Tools, Data, and Demonstrations

The Tools, Data, and Demonstrations track provides an opportunity for live demonstrations of product-line tools, of substantial datasets to be shared with the community, and of practices tackling current industrial challenges.

We invite proposals for demonstrations of academic, open source, in-house, and commercial tools that support and automate any aspect of product-line engineering. Areas of interest include, but are not limited to, feature modeling, variant management, validation and verification, derivation and generation of products, product-line testing, product-line analysis, and measurement and optimization of non-functional properties of product lines. Demonstrations of original, novel tools, of existing tools with new contributions, and of customized extensions of standard tools are welcome. We invite demonstrations of both early implementations and mature tools. Commercial tool vendors are encouraged to demonstrate their tools together with an industrial customer using concrete examples. Each demonstration should explain how the tool could be used to solve real-life problems with a use case.

The availability of datasets is critical for the product-line community in order to develop and evaluate realistic and scalable techniques. To foster sharing such datasets, we invite data papers related to product lines. Data papers should describe a dataset, including:

  • the content and origin of it;
  • the methodology and tools used to obtain it;
  • the schema, structure, or layout to store it;
  • usage scenarios or open analysis challenges of it;
  • relationships to other existing datasets;
  • limitations, omissions, or gaps of the dataset.

The data must be made available to the reviewers upon submission and finally published upon acceptance.

Finally, in addition to tool and data papers, we are interested in proposals for demonstrations of industrial product-line practice. Of special interest are industrial practices that are currently not sufficiently supported by tools.

SUBMISSIONS:

Papers describing the tool, dataset, or practice should be submitted electronically as PDF files through the “Demonstrations and Tools track” using EasyChair at https://easychair.org/conferences/?conf=splc2016.

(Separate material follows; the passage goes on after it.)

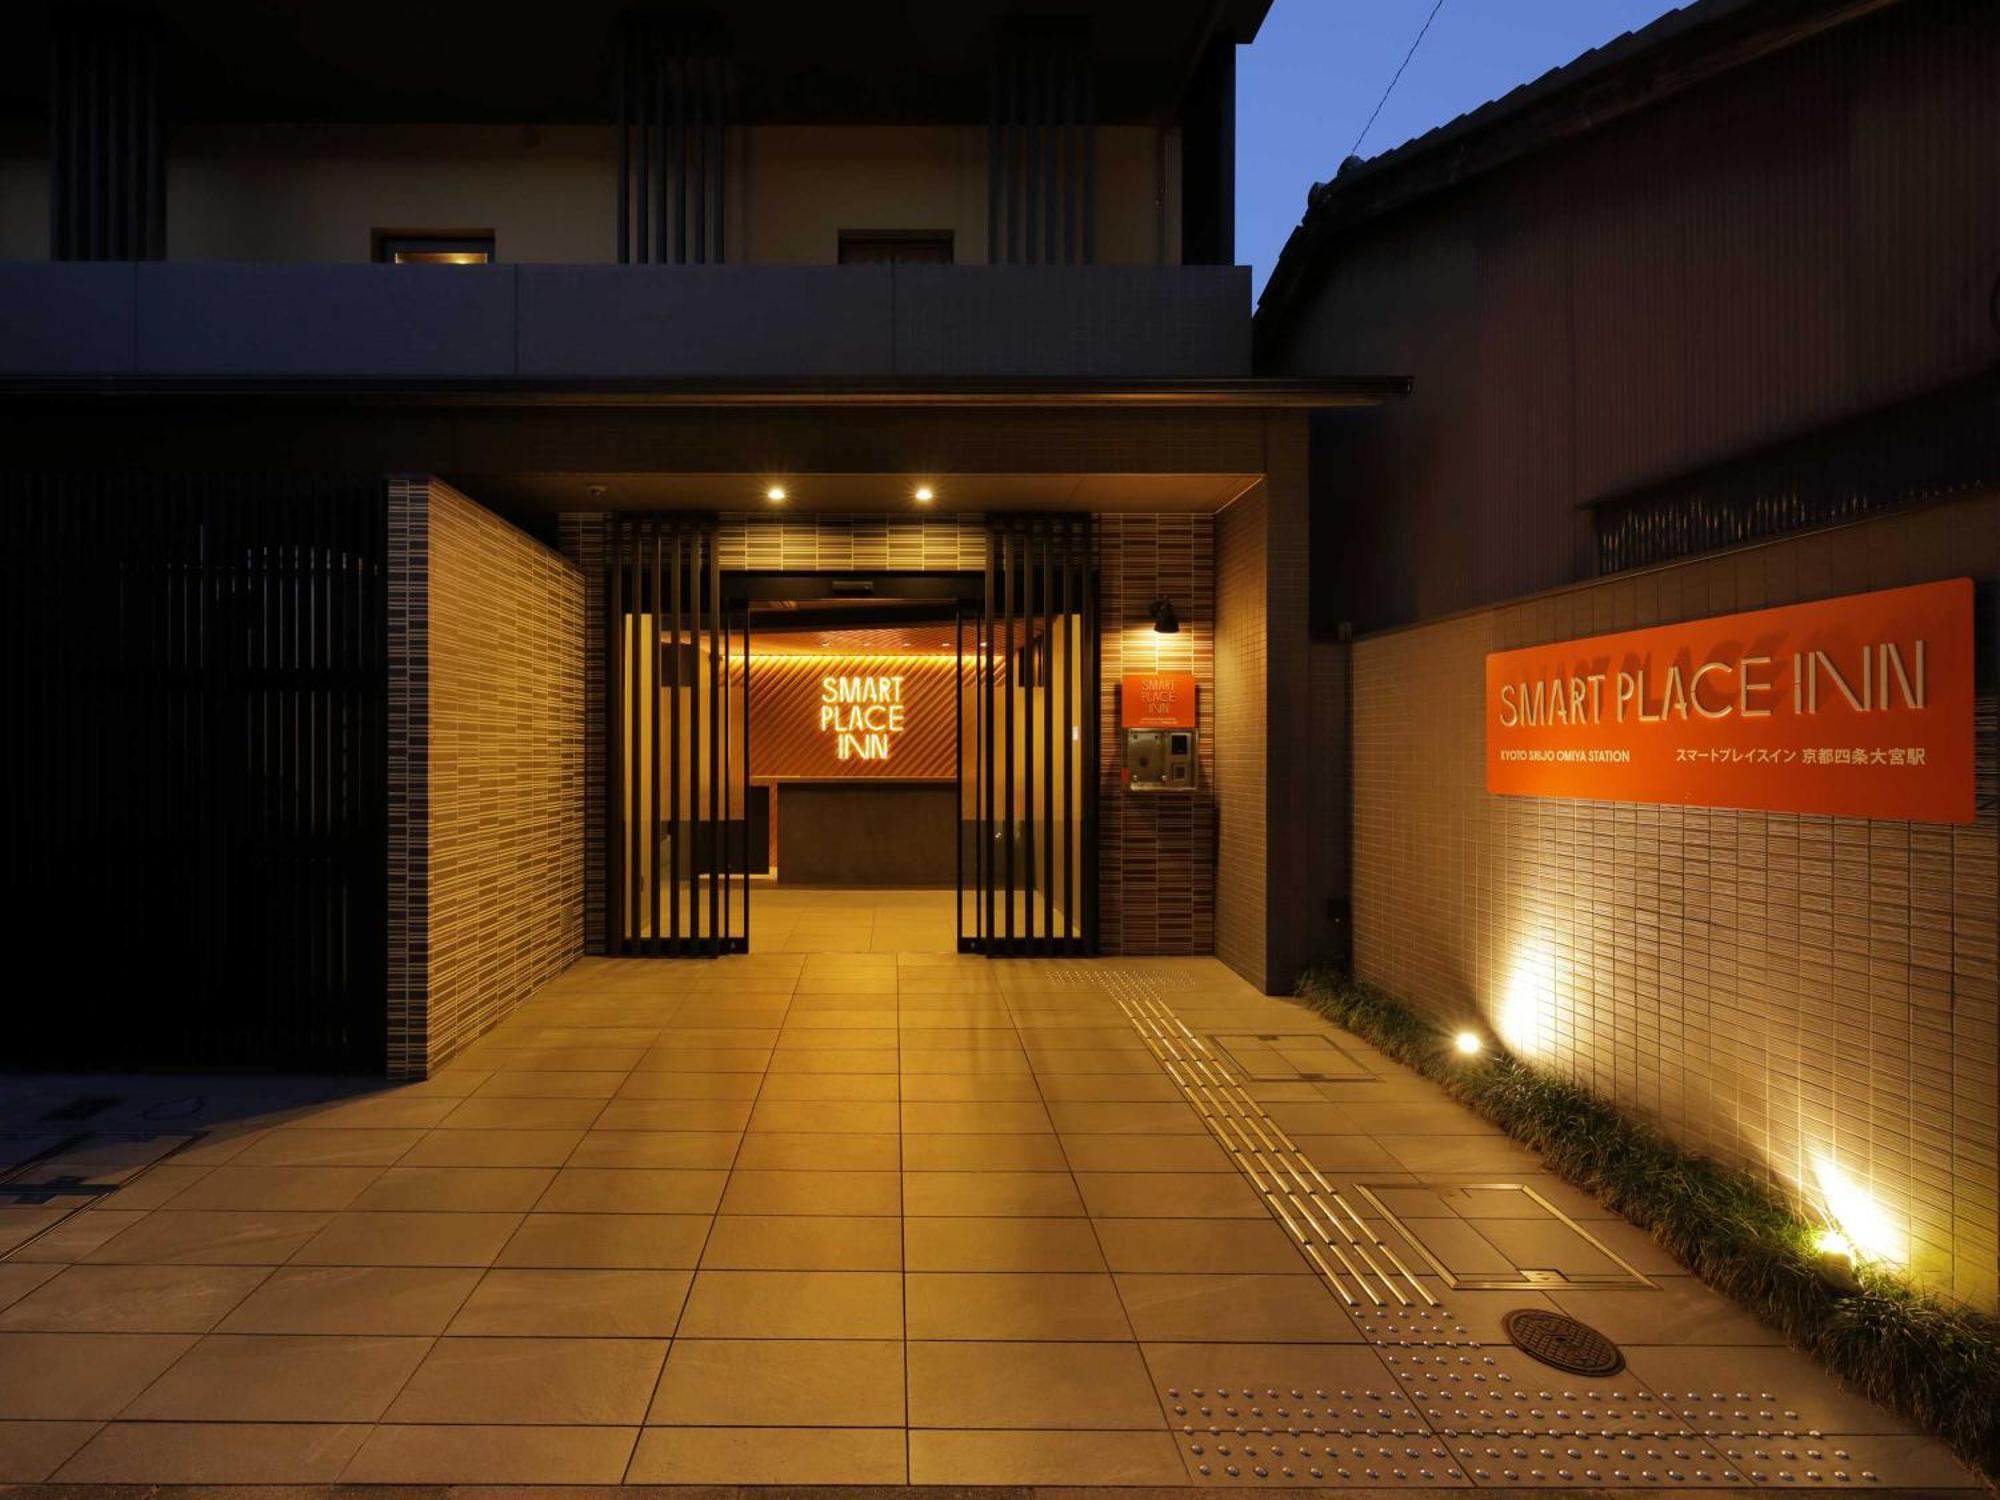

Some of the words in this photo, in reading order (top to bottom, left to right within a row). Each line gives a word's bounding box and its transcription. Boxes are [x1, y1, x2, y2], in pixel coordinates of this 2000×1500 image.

Submissions must not exceed 4 pages in the ACM SIG Proceedings format including all text, references, and figures, and must have an appendix of at most 2 pages providing a brief description of how the presentation will be conducted.

IMPORTANT DATES:

Paper Submission: May 16, 2016 (extended to May 23,2016)

Notification of Acceptance: June 6, 2016

Camera-ready Paper Due: June 27, 2016

Conference: Sept. 19-23, 2016

REVIEW AND EVALUATION CRITERIA:

Submissions will be evaluated by at least two PC members according to the relevance and originality of the work as well as presentation quality. Data papers should describe the dataset according to the points outlined above. Work that has not been previously presented at SPLC is given a priority. Tools previously presented at SPLC should include a description of new features of the tool or new aspects to be presented.

PRESENTATION AND PUBLICATION:

Accepted proposals will appear in the SPLC 2016 Proceedings (second volume) published by ACM. At least one author of each accepted submission must register and attend SPLC 2016 in order for the submission to be published. For each accepted submission a formal presentation will be scheduled in the conference program.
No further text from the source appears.